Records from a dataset
--- START ---

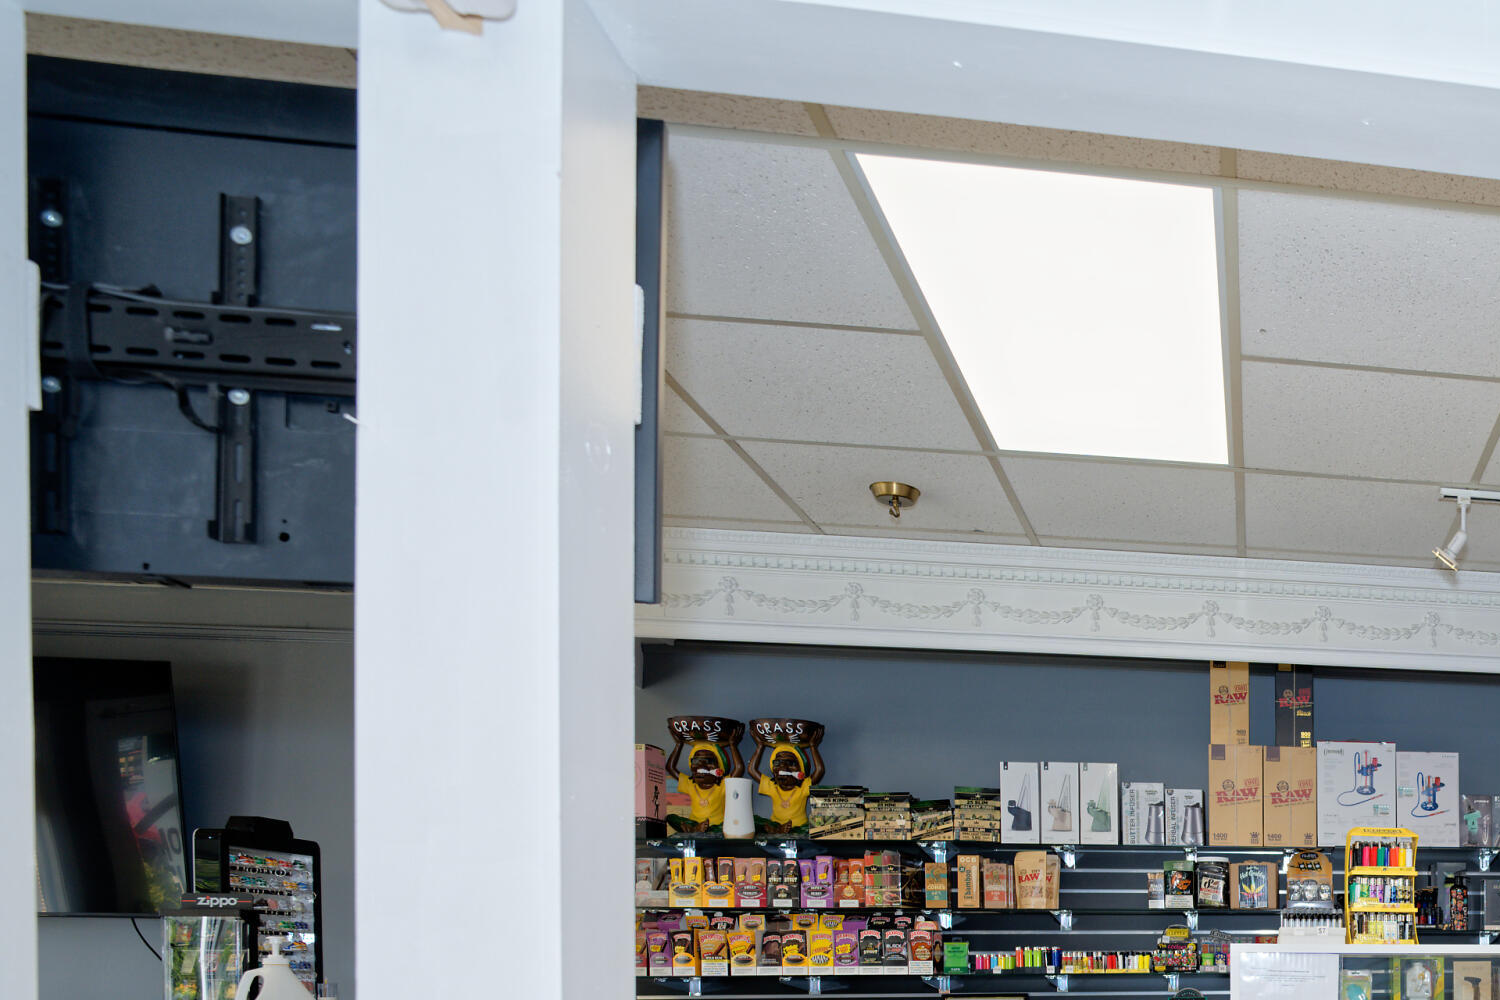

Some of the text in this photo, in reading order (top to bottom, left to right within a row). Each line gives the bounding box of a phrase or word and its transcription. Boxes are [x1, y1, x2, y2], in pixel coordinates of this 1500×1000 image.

[1214, 692, 1248, 704] RAW
[1216, 787, 1258, 804] RAW
[1271, 788, 1313, 805] RAW
[1018, 872, 1040, 884] RAW

--- END ---

-- ACTION ITEM --
Exact repetition of all entries is required. The pictures should not appear.

-- EXERCISE SOLUTION --
Some of the text in this photo, in reading order (top to bottom, left to right within a row). Each line gives the bounding box of a phrase or word and its transcription. Boxes are [x1, y1, x2, y2], in pixel coordinates of this 1500×1000 image.

[1214, 692, 1248, 704] RAW
[1216, 787, 1258, 804] RAW
[1271, 788, 1313, 805] RAW
[1018, 872, 1040, 884] RAW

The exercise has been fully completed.